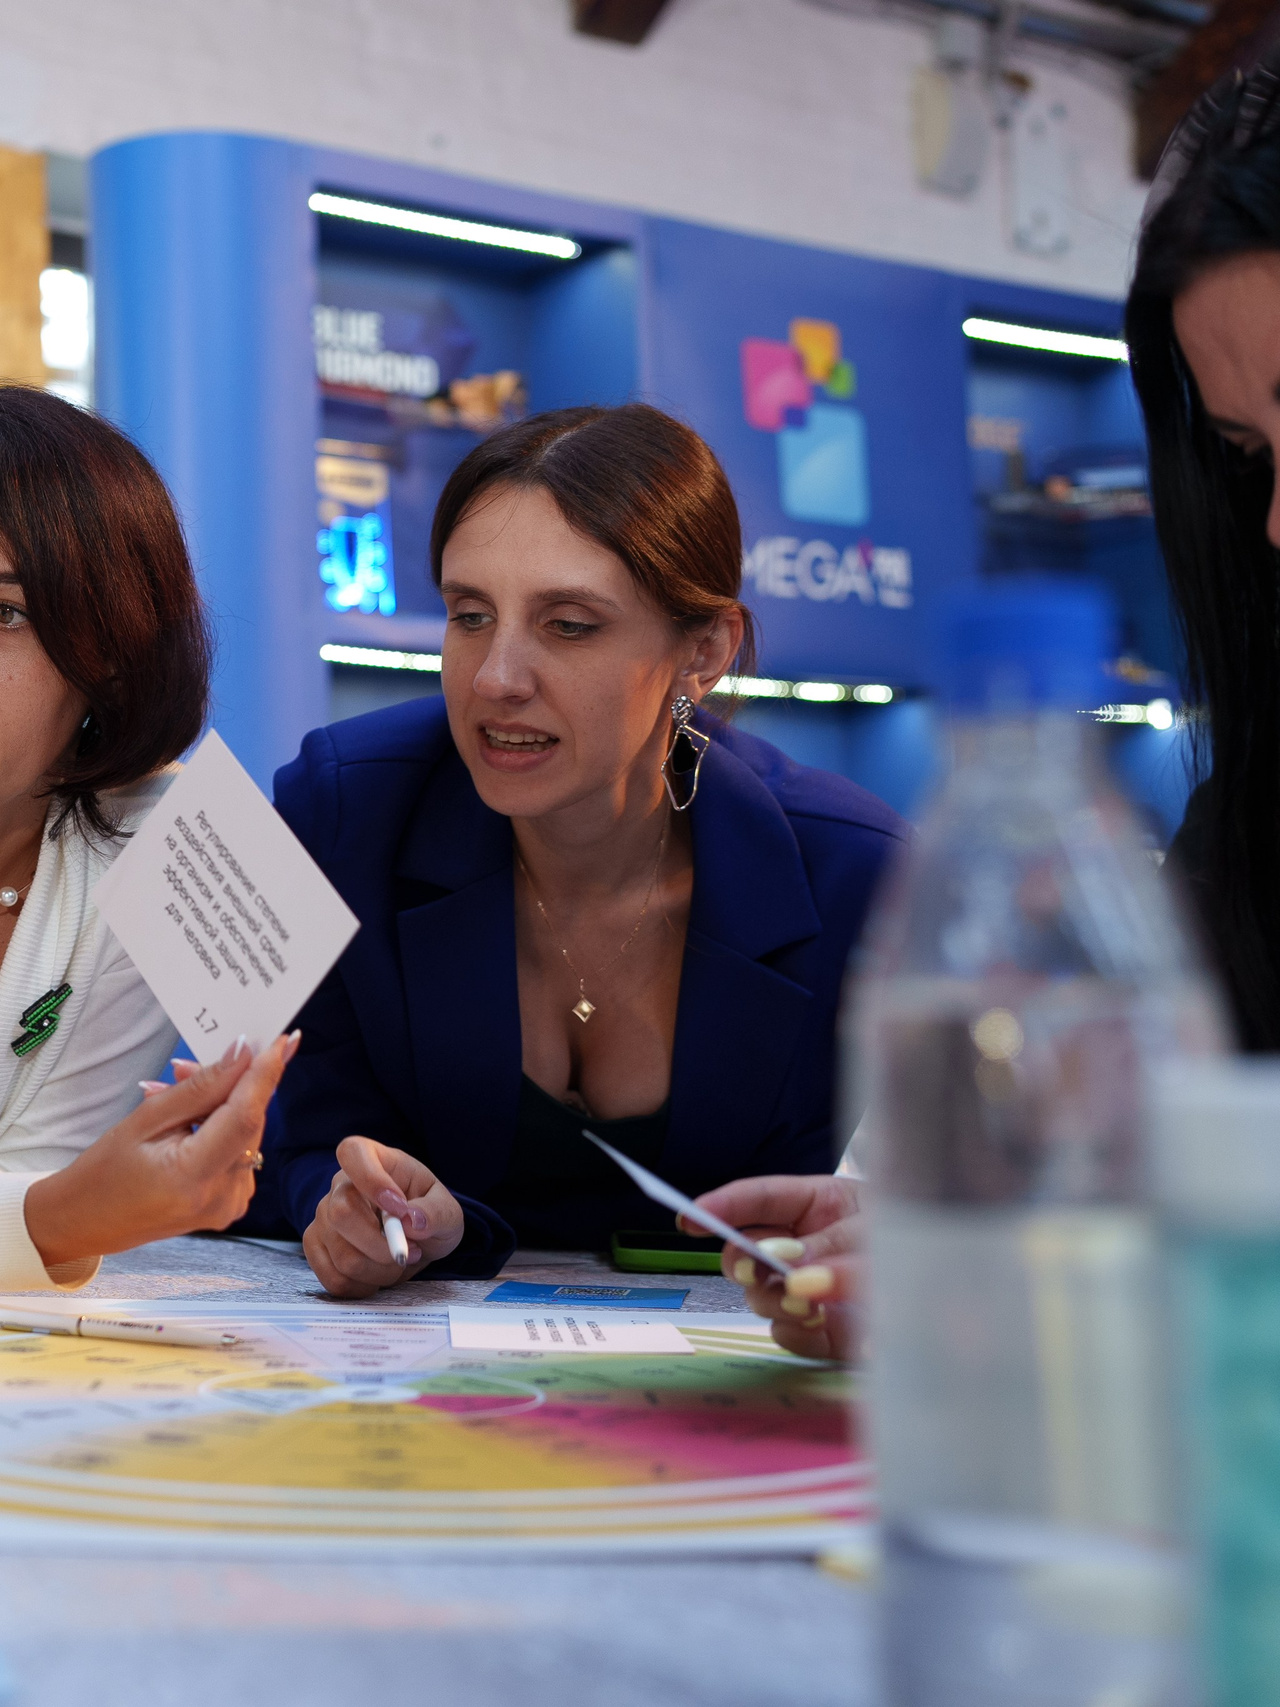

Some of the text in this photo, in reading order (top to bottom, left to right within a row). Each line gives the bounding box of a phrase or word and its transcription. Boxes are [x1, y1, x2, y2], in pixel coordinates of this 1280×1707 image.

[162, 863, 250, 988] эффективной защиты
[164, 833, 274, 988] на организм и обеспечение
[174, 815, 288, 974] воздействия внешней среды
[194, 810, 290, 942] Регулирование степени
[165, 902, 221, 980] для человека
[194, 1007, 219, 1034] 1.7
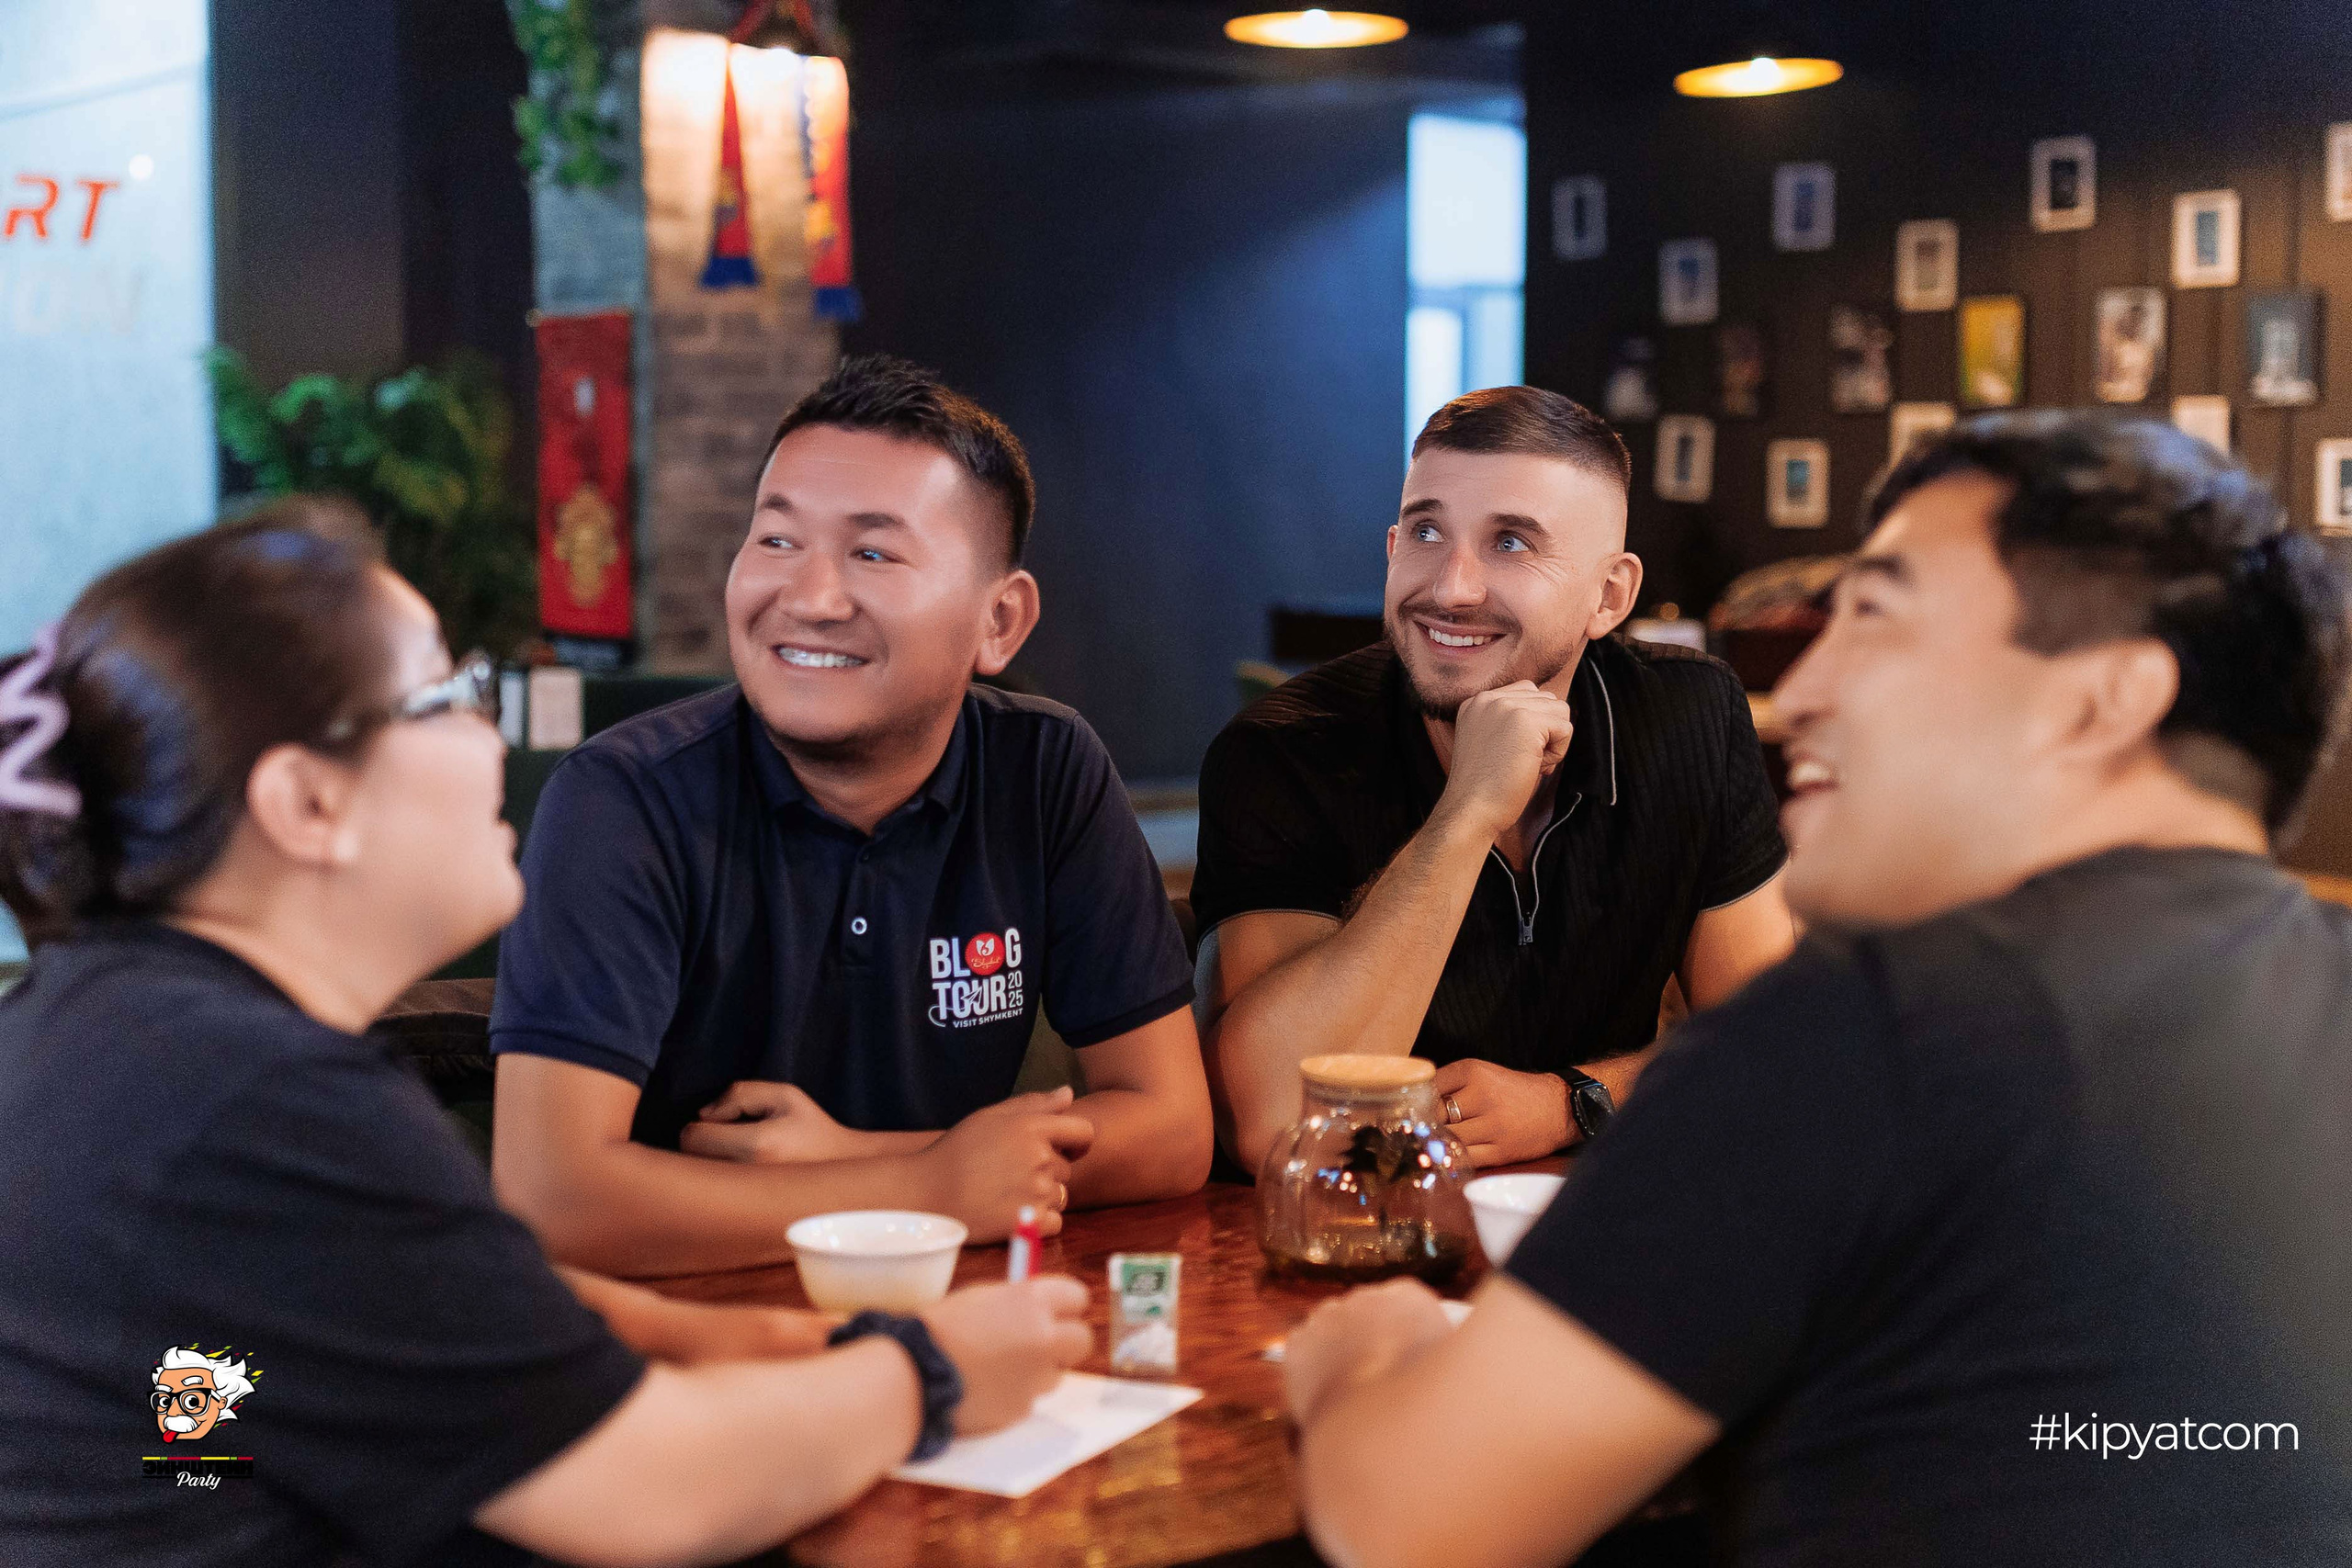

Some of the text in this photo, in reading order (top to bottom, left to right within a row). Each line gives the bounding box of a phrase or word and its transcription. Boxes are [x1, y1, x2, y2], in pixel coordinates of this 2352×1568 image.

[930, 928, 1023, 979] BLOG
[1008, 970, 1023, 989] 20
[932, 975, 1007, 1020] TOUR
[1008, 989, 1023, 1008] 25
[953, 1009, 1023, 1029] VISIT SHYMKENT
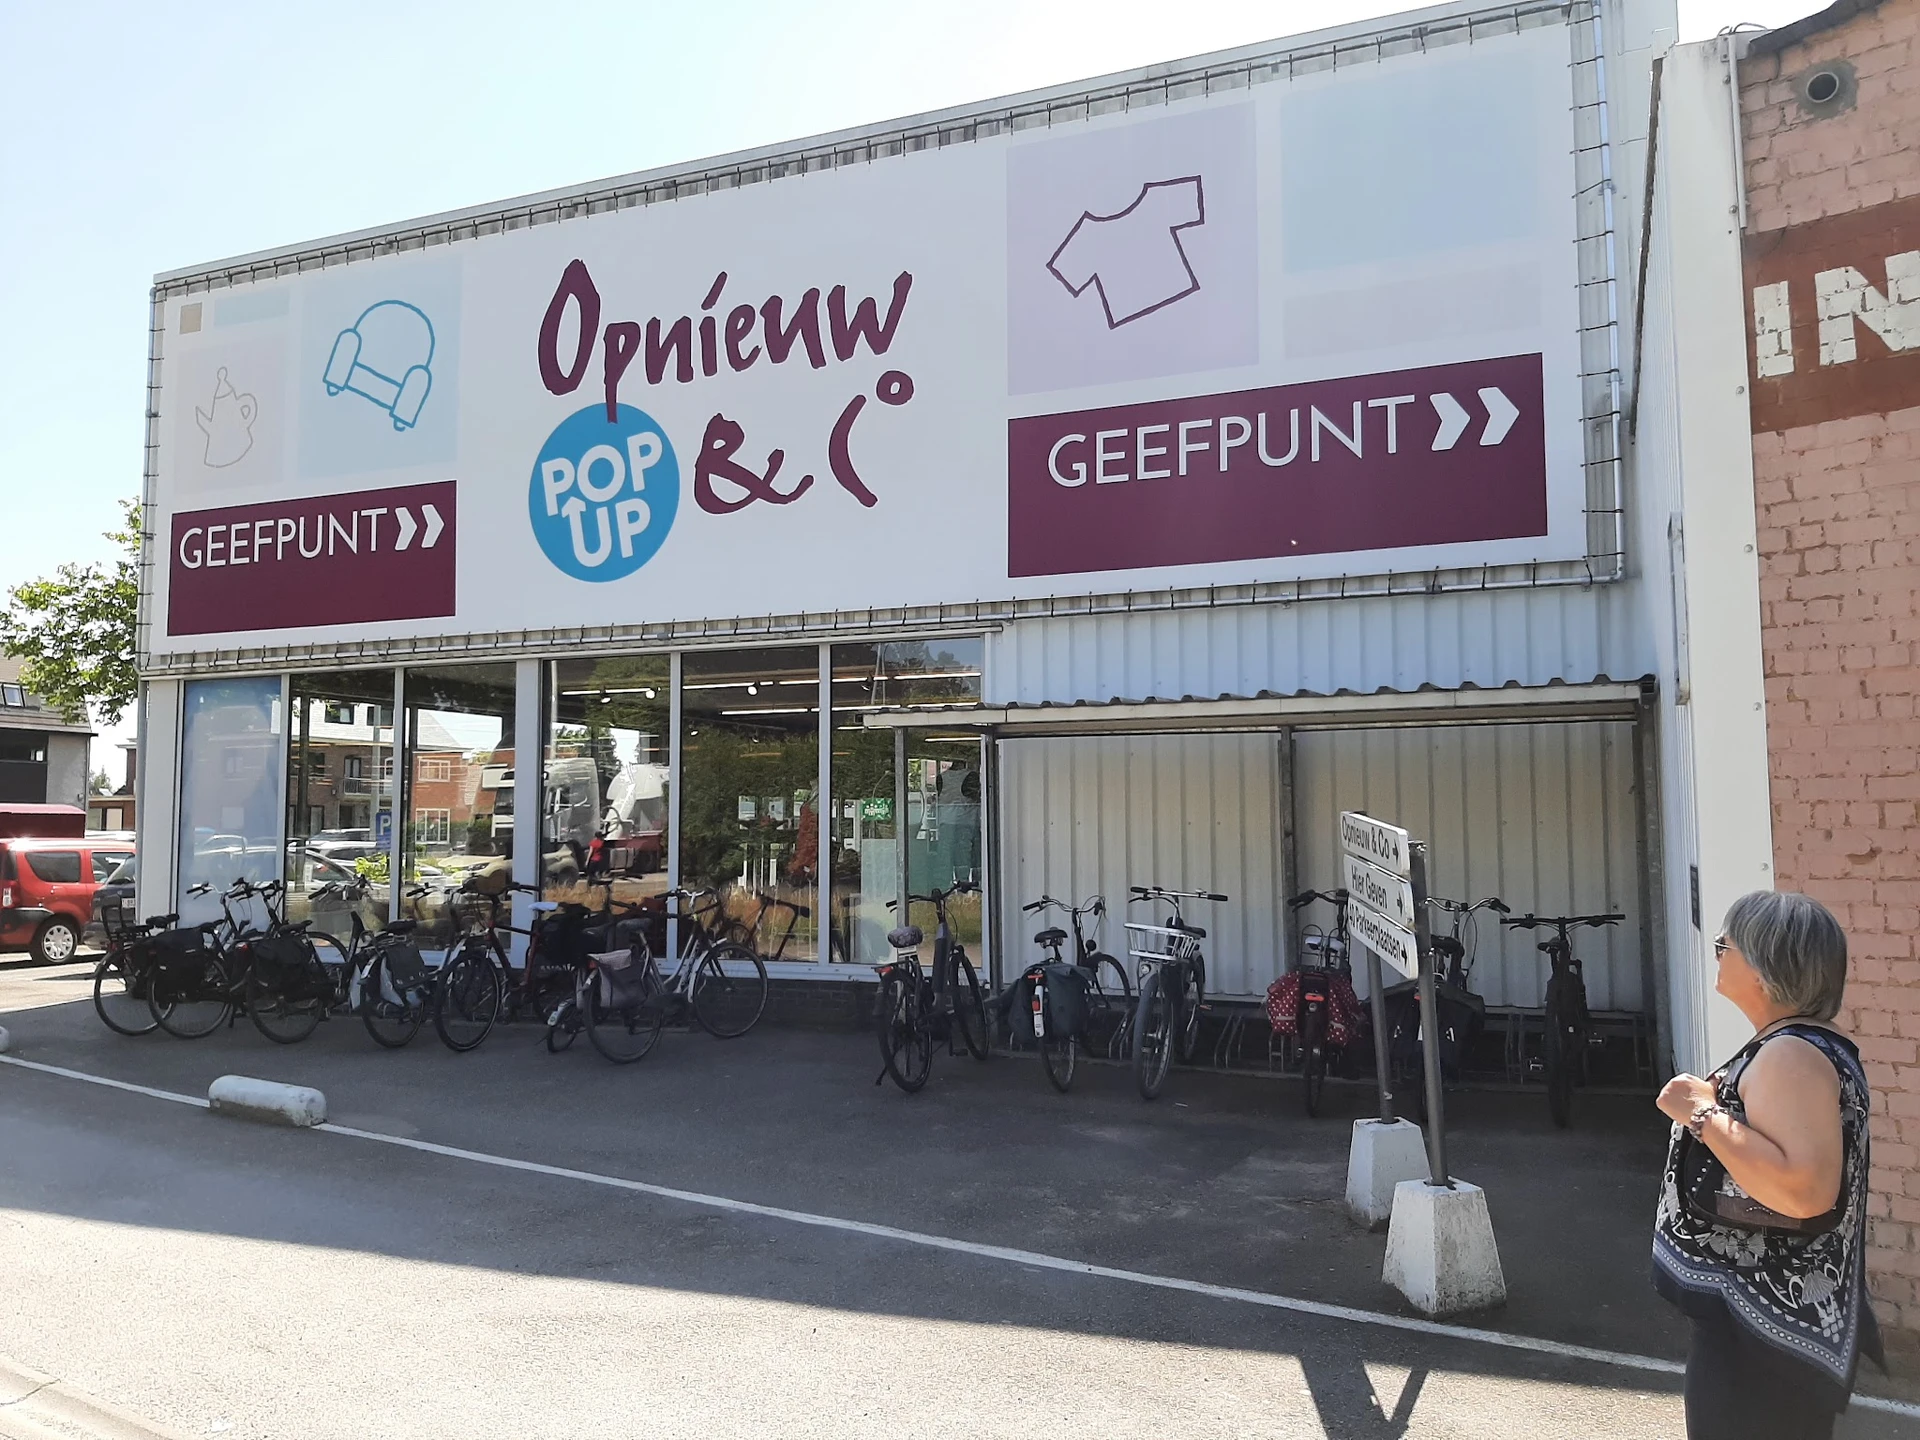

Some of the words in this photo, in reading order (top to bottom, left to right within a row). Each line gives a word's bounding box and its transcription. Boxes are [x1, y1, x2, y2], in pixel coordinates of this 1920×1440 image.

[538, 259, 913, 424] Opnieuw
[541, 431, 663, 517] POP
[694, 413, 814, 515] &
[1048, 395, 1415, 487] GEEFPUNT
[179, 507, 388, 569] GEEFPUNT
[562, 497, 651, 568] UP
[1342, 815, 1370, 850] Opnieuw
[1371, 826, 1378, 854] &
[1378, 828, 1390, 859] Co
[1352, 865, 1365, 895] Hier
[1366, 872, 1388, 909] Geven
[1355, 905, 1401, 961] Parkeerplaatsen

# # # #

## Work instructions
Print all the material above exactly, and drop the images.

## Solution for this problem
Some of the text in this photo, in reading order (top to bottom, left to right within a row). Each line gives the bounding box of a phrase or word and its transcription. Boxes are [x1, y1, x2, y2], in pixel coordinates of this 1280×1707 image.

[162, 863, 250, 988] эффективной защиты
[164, 833, 274, 988] на организм и обеспечение
[174, 815, 288, 974] воздействия внешней среды
[194, 810, 290, 942] Регулирование степени
[165, 902, 221, 980] для человека
[194, 1007, 219, 1034] 1.7

Some of the text in this photo, in reading order (top to bottom, left to right within a row). Each line gives the bounding box of a phrase or word and its transcription. Boxes are [x1, y1, x2, y2], in pixel coordinates of this 2352×1568 image.

[930, 928, 1023, 979] BLOG
[1008, 970, 1023, 989] 20
[932, 975, 1007, 1020] TOUR
[1008, 989, 1023, 1008] 25
[953, 1009, 1023, 1029] VISIT SHYMKENT

Some of the words in this photo, in reading order (top to bottom, left to right within a row). Each line gives a word's bounding box and its transcription. Boxes are [x1, y1, x2, y2], in pixel coordinates of this 1920×1440 image.

[538, 259, 913, 424] Opnieuw
[541, 431, 663, 517] POP
[694, 413, 814, 515] &
[1048, 395, 1415, 487] GEEFPUNT
[179, 507, 388, 569] GEEFPUNT
[562, 497, 651, 568] UP
[1342, 815, 1370, 850] Opnieuw
[1371, 826, 1378, 854] &
[1378, 828, 1390, 859] Co
[1352, 865, 1365, 895] Hier
[1366, 872, 1388, 909] Geven
[1355, 905, 1401, 961] Parkeerplaatsen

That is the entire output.